René Passet - On ne peut pas vivre sans rêve

Entretien diffusé dans l’émission de Daniel Mermet "Là-bas si j’y suis" (2003)


René Passet : Le capitalisme, pour l’appeler par son nom, le système économique, si vous voulez, moi, ça m’est égal, qu’on l’appelle comme on voudra, a changé de logique. Dans les 30 glorieuses, c’était un capitalisme dont les principaux acteurs étaient des chefs d’entreprise, des entrepreneurs, des syndicats ouvriers et l’Etat.
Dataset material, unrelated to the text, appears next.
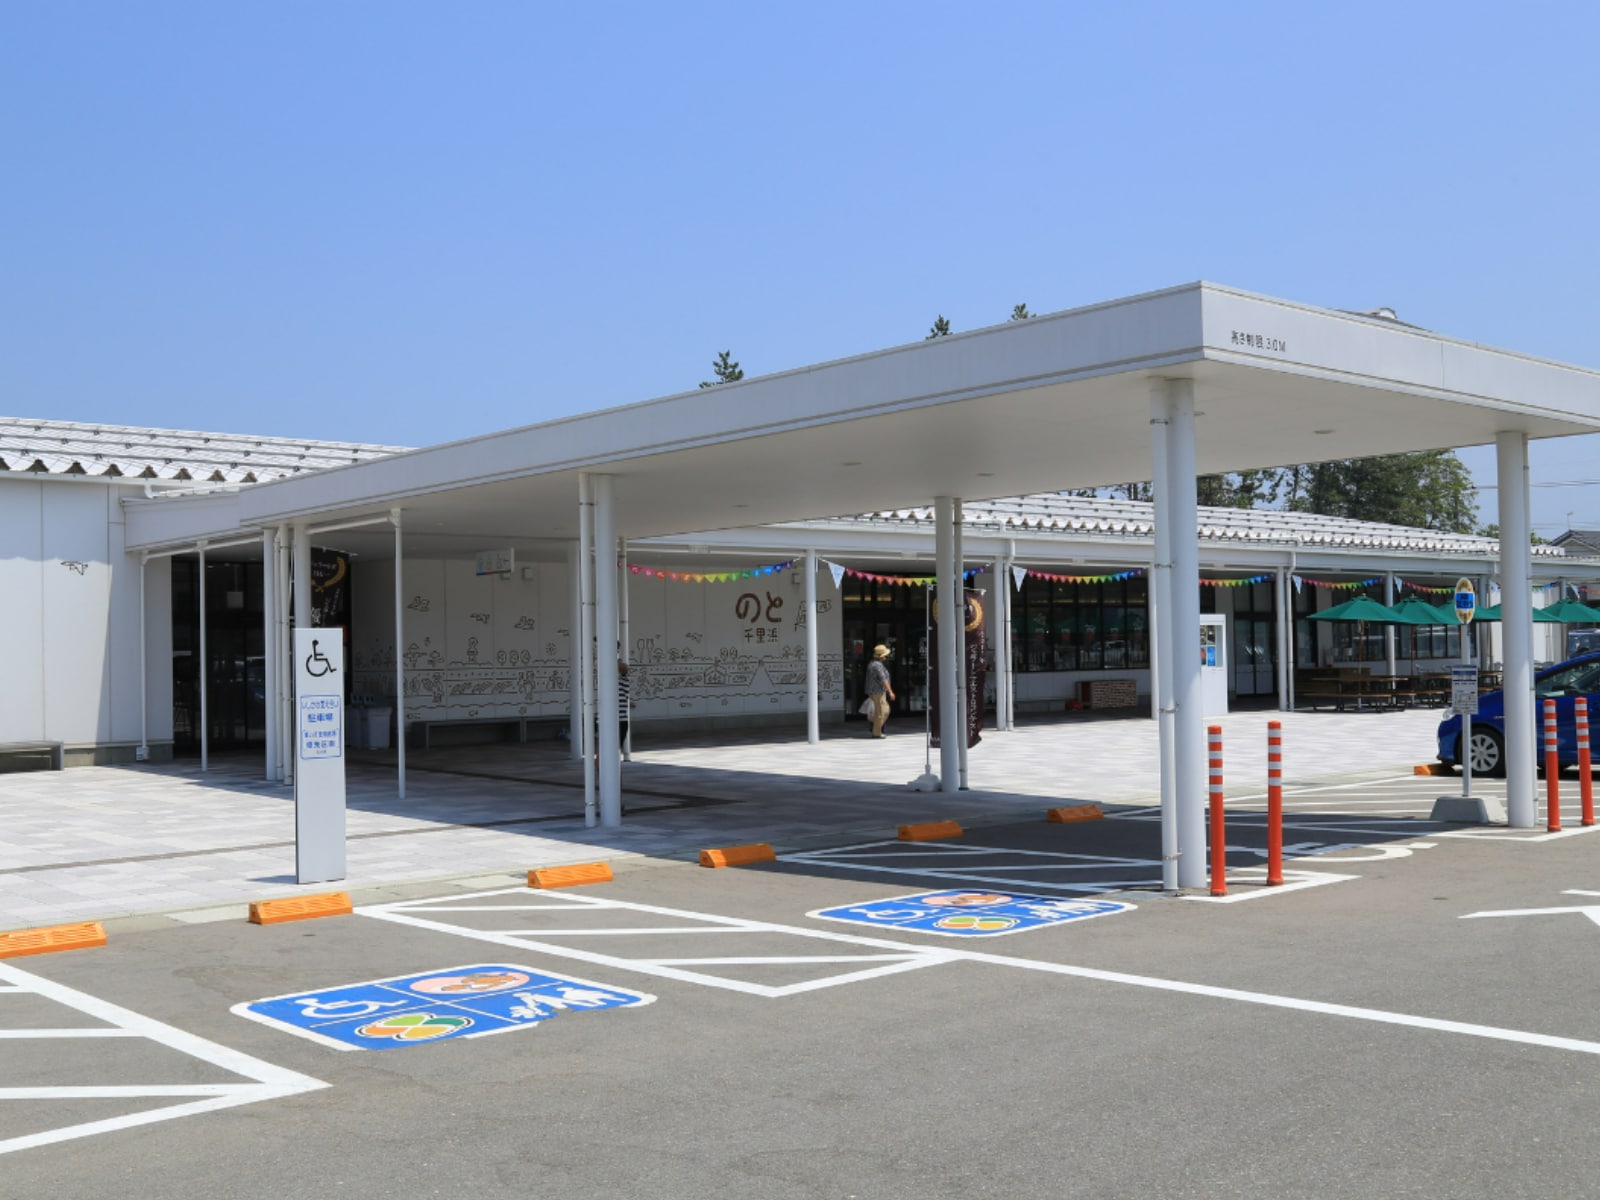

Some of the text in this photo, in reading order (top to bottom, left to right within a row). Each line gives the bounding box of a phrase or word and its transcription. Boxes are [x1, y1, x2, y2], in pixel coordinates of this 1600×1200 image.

[735, 591, 784, 624] のと
[744, 627, 778, 643] 千里浜
[307, 713, 333, 723] 駐車場
Les entrepreneurs et les ouvriers , ça n’a pas tout à fait les mêmes intérêts ; il arrive qu’ils se rentrent dans le chou mais dans l’opposition, il y a quand même quelque chose de commun : la communauté des intérêts. Moi, si je veux vendre mes bagnoles, il faut que je distribue du pouvoir d’achat et des bons salaires ; bien sûr, il faut que toute l’économie si elle veut fonctionner distribue du pouvoir d’achat. En gros, on peut dire pour faire image que le salaire nourrissait le profit qui nourrissait le salaire. Vous avez un progrès économique qui coincide avec un progrès social ; ça veut dire amélioration des conditions de travail ; ça veut dire réduction du temps de travail. Dites-vous qu’entre le début du siècle et aujourd’hui, la durée de travail est passée à plus de 3000 heures par an à moins de 1600 heures ; et que, pourtant, le pouvoir d’achat du salaire a été multiplié par 8. Voilà ce que c’est le progrès social. Mais aujourd’hui, malheureusement, le cercle a succombé au vice... parce que ce ne sont plus les mêmes hommes qui sont au pouvoir. Aujourd’hui, ce qui domine, c’est un patronat financier et c’est donc un pouvoir de la finance qui est là, à tous les niveaux ; et ça change complètement la nature des relations. A partir du moment où vous avez un revenu dominant qui se nourrit de tous les autres, vous avez un discours qui devient le discours du "trop", trop de tous les autres bien sûr, trop de masse salariale, trop d’Etat, trop de protection sociale, trop d’aide publique internationale. Aujourd’hui, une lutte féroce est engagée non plus pour le partage des gains de productivité mais pour la captation intégrale des gains de productivité par quelques uns. Et ça, ça vous explique pourquoi on préfère créer du sous-emploi ,du chômage, plutôt que de réduire le temps de travail. Parce que d’abord le chômage est un excellent moyen de pression sur les salaires ; s’il y a du chômage, il y a une pression de l’offre du travail...

Giv Anquetil : Si c’est pas vous qui le prenez, il y en aura dix autres...

René Passet : Voilà, il y en aura dix autres. Lorsque Marks et Spencer a fermé un certain nombre de ses établissements, il y a eu la naiveté de dire : mais c’est de la saine gestion ; ça va nous permettre de distribuer davantage nos dividendes et de faire fructifier notre capital. Très bien mais c’est beaucoup plus simple de fermer les succursales, de mettre l’employé à la porte et l’employeur conserve la totalité des gains de productivité. Je crois que, derrière la plupart des problèmes de notre époque, il y a eu cette question centrale qui est liée à la logique d’un système qui est une lutte féroce pour la captation des gains de productivité. Les fonds spéculatifs, les fonds de pension, les grandes banques d’affaires, les grandes sociétés d’assurance contrôlent à l’échelle du monde une masse de capitaux absolument fantastique : 30000 milliards de liquidité ; c’est à dire l’équivalent du produit mondial. Vous voyez la masse de liquidité qu’elle contrôle représente l’équivalent de l’effort de tous les hommes de cette planète pendant un an. Le pouvoir n’est plus au niveau des Etats ; je veux dire la réalité du pouvoir ; il passe au niveau international et il passe d’une sphère publique, qui est celle des Etats, à une sphère d’intérêts privés qui est celle de la finance internationale. Il faut savoir aussi qu’une journée de spéculation représente 1600 milliards de dollards ; ça représente l’équivalent de toutes les réserves en or de toutes les grandes banques centrales dans le monde.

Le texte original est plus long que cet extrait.